Given data Start Marker
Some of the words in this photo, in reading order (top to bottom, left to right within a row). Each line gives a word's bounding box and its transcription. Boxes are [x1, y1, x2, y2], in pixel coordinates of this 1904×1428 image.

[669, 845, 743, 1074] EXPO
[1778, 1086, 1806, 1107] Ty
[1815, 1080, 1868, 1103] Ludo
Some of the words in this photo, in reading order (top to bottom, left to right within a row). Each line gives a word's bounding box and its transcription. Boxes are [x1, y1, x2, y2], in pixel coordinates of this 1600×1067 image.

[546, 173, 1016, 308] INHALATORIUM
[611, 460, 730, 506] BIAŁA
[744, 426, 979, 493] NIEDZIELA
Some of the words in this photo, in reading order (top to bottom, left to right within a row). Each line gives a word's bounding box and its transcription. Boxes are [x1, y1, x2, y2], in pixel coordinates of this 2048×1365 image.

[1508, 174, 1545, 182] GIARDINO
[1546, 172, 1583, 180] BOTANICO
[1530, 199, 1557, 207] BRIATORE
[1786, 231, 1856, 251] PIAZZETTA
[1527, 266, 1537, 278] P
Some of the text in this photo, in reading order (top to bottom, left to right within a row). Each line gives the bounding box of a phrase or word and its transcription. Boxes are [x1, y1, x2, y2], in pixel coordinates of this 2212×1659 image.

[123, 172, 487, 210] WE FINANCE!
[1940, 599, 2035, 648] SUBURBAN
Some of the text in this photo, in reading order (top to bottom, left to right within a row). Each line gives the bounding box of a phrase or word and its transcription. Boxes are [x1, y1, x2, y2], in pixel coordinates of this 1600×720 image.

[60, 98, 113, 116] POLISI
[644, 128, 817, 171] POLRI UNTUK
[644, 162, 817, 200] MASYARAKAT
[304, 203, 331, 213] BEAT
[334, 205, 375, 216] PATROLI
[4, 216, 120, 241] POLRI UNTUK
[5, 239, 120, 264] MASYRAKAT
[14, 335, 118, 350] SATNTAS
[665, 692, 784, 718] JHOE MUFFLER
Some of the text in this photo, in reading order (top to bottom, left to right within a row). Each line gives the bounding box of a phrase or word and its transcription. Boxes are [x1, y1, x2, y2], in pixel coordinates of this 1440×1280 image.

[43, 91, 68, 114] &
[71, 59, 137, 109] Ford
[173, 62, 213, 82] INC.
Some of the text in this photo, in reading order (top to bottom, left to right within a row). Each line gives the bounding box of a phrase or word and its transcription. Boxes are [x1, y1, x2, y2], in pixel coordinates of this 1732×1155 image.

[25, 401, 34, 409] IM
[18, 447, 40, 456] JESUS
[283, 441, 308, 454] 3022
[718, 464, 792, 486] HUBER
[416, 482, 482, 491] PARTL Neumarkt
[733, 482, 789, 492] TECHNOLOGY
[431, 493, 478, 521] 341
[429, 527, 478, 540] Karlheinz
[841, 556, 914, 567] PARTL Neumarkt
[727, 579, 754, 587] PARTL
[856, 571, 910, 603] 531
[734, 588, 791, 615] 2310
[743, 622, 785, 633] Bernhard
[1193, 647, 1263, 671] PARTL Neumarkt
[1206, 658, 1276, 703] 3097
Given data End Marker
Problem statement ::
Give an exact copy of all the data shown above.

Output of the exercise ::
Some of the words in this photo, in reading order (top to bottom, left to right within a row). Each line gives a word's bounding box and its transcription. Boxes are [x1, y1, x2, y2], in pixel coordinates of this 1904×1428 image.

[669, 845, 743, 1074] EXPO
[1778, 1086, 1806, 1107] Ty
[1815, 1080, 1868, 1103] Ludo
Some of the words in this photo, in reading order (top to bottom, left to right within a row). Each line gives a word's bounding box and its transcription. Boxes are [x1, y1, x2, y2], in pixel coordinates of this 1600×1067 image.

[546, 173, 1016, 308] INHALATORIUM
[611, 460, 730, 506] BIAŁA
[744, 426, 979, 493] NIEDZIELA
Some of the words in this photo, in reading order (top to bottom, left to right within a row). Each line gives a word's bounding box and its transcription. Boxes are [x1, y1, x2, y2], in pixel coordinates of this 2048×1365 image.

[1508, 174, 1545, 182] GIARDINO
[1546, 172, 1583, 180] BOTANICO
[1530, 199, 1557, 207] BRIATORE
[1786, 231, 1856, 251] PIAZZETTA
[1527, 266, 1537, 278] P
Some of the text in this photo, in reading order (top to bottom, left to right within a row). Each line gives the bounding box of a phrase or word and its transcription. Boxes are [x1, y1, x2, y2], in pixel coordinates of this 2212×1659 image.

[123, 172, 487, 210] WE FINANCE!
[1940, 599, 2035, 648] SUBURBAN
Some of the text in this photo, in reading order (top to bottom, left to right within a row). Each line gives the bounding box of a phrase or word and its transcription. Boxes are [x1, y1, x2, y2], in pixel coordinates of this 1600×720 image.

[60, 98, 113, 116] POLISI
[644, 128, 817, 171] POLRI UNTUK
[644, 162, 817, 200] MASYARAKAT
[304, 203, 331, 213] BEAT
[334, 205, 375, 216] PATROLI
[4, 216, 120, 241] POLRI UNTUK
[5, 239, 120, 264] MASYRAKAT
[14, 335, 118, 350] SATNTAS
[665, 692, 784, 718] JHOE MUFFLER
Some of the text in this photo, in reading order (top to bottom, left to right within a row). Each line gives the bounding box of a phrase or word and its transcription. Boxes are [x1, y1, x2, y2], in pixel coordinates of this 1440×1280 image.

[43, 91, 68, 114] &
[71, 59, 137, 109] Ford
[173, 62, 213, 82] INC.
Some of the text in this photo, in reading order (top to bottom, left to right within a row). Each line gives the bounding box of a phrase or word and its transcription. Boxes are [x1, y1, x2, y2], in pixel coordinates of this 1732×1155 image.

[25, 401, 34, 409] IM
[18, 447, 40, 456] JESUS
[283, 441, 308, 454] 3022
[718, 464, 792, 486] HUBER
[416, 482, 482, 491] PARTL Neumarkt
[733, 482, 789, 492] TECHNOLOGY
[431, 493, 478, 521] 341
[429, 527, 478, 540] Karlheinz
[841, 556, 914, 567] PARTL Neumarkt
[727, 579, 754, 587] PARTL
[856, 571, 910, 603] 531
[734, 588, 791, 615] 2310
[743, 622, 785, 633] Bernhard
[1193, 647, 1263, 671] PARTL Neumarkt
[1206, 658, 1276, 703] 3097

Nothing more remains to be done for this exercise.